**** DATA RECORDS

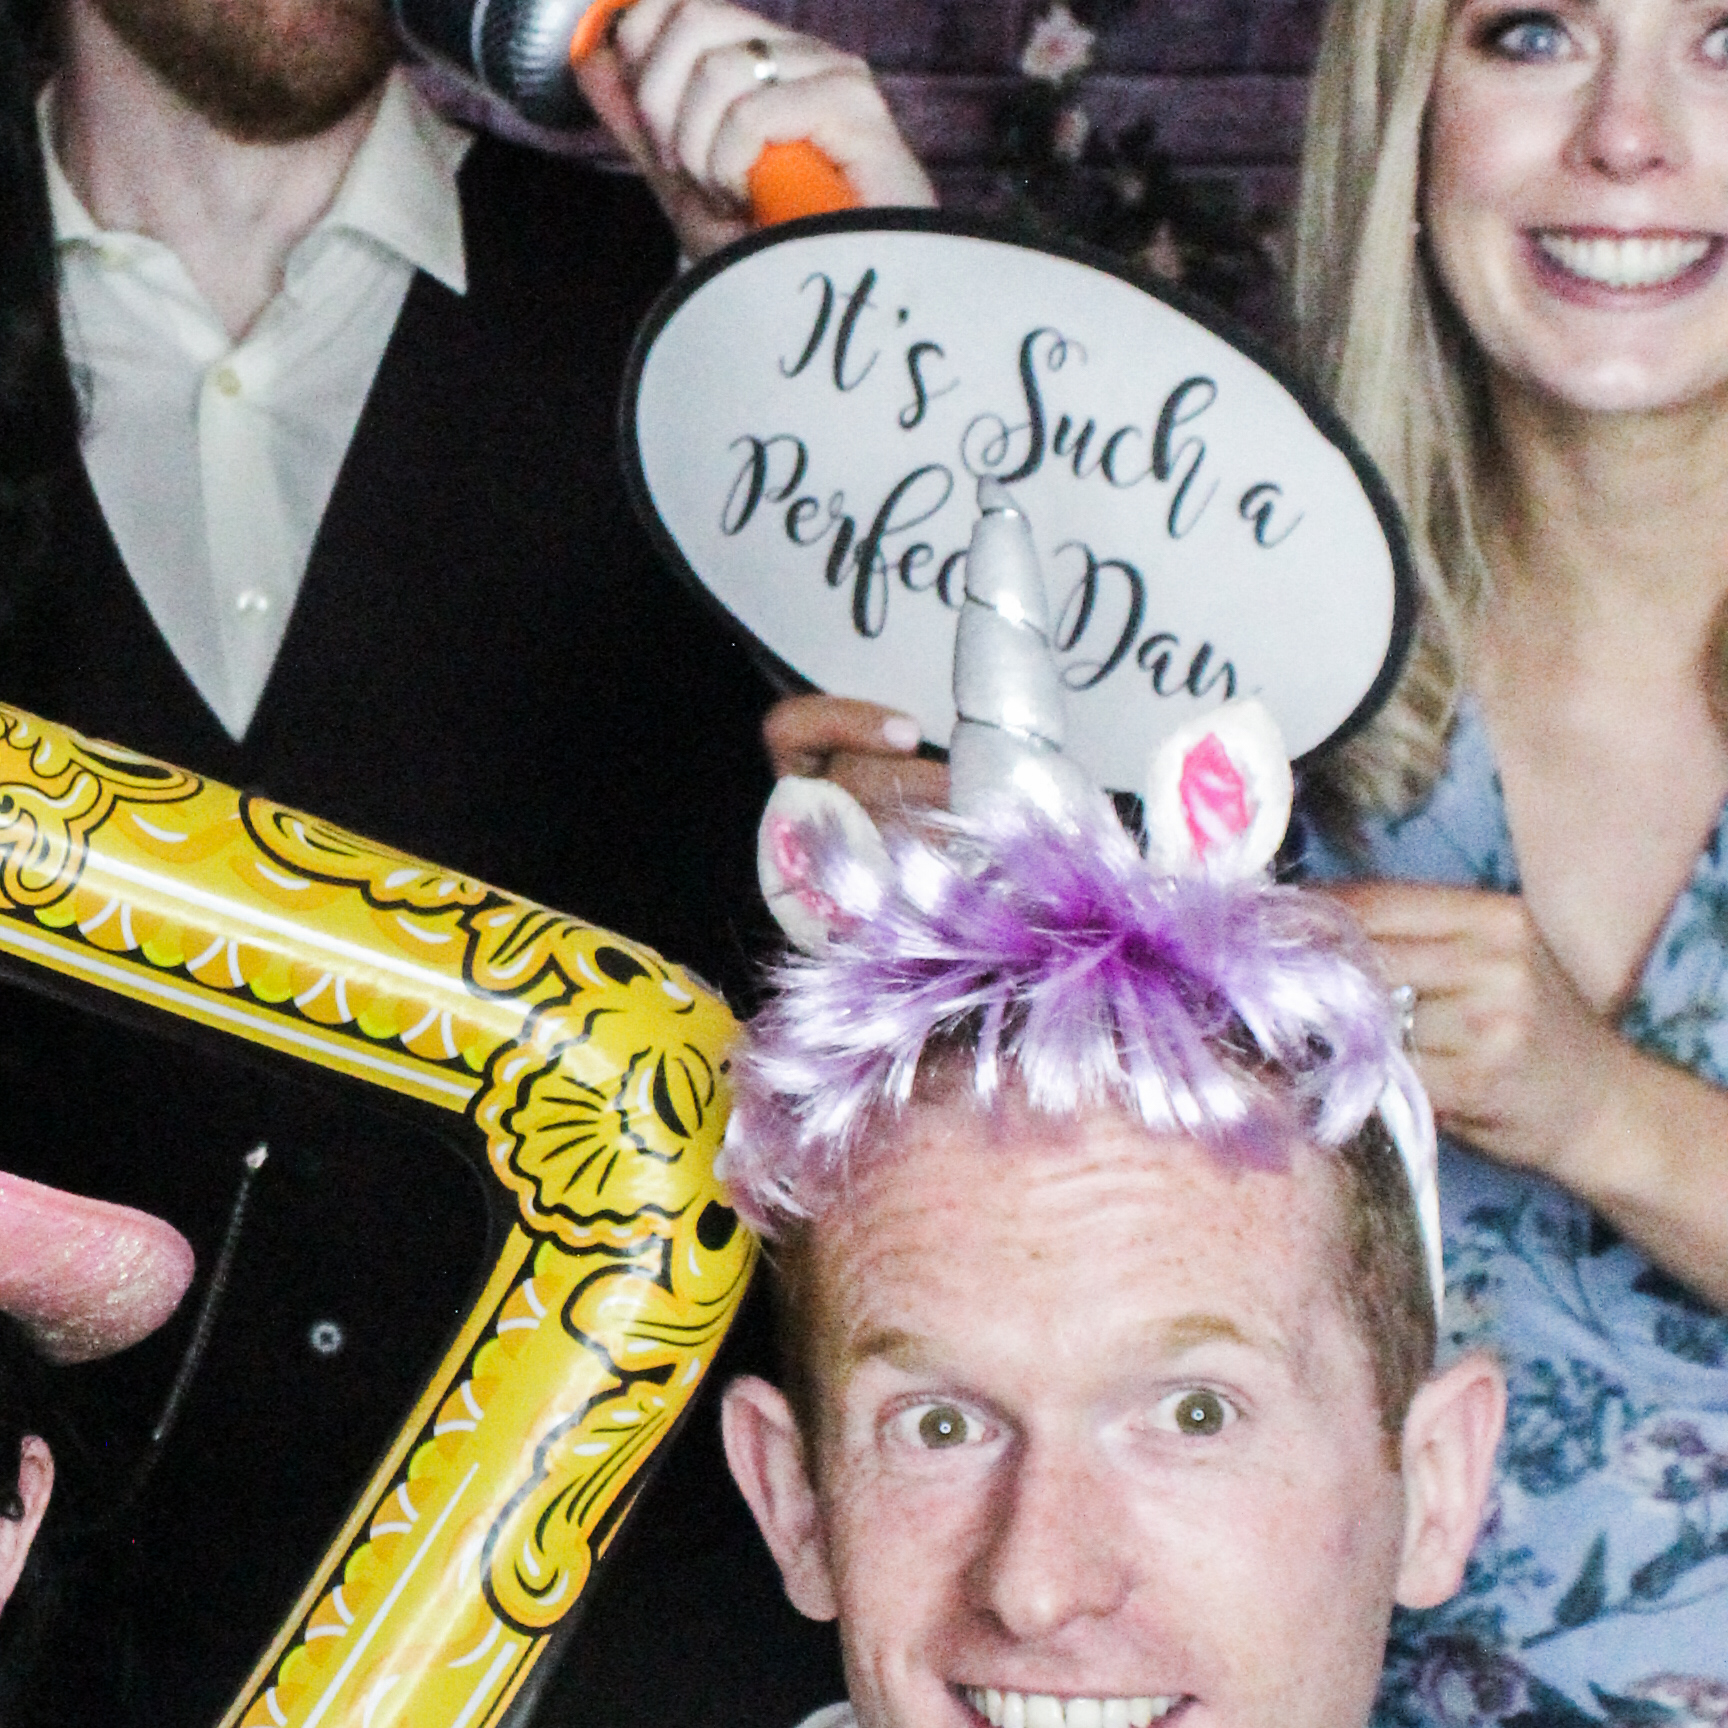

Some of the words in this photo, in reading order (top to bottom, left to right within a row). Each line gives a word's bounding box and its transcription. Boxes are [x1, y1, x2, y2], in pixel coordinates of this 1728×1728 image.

[779, 268, 959, 430] It's
[960, 325, 1219, 538] Such
[1239, 482, 1303, 548] a
[722, 433, 969, 637] Perfec

********

• _WHAT TO WORK ON_
Copy the records exactly; no image should appear in the result.

• _REPLY_
Some of the words in this photo, in reading order (top to bottom, left to right within a row). Each line gives a word's bounding box and its transcription. Boxes are [x1, y1, x2, y2], in pixel coordinates of this 1728×1728 image.

[779, 268, 959, 430] It's
[960, 325, 1219, 538] Such
[1239, 482, 1303, 548] a
[722, 433, 969, 637] Perfec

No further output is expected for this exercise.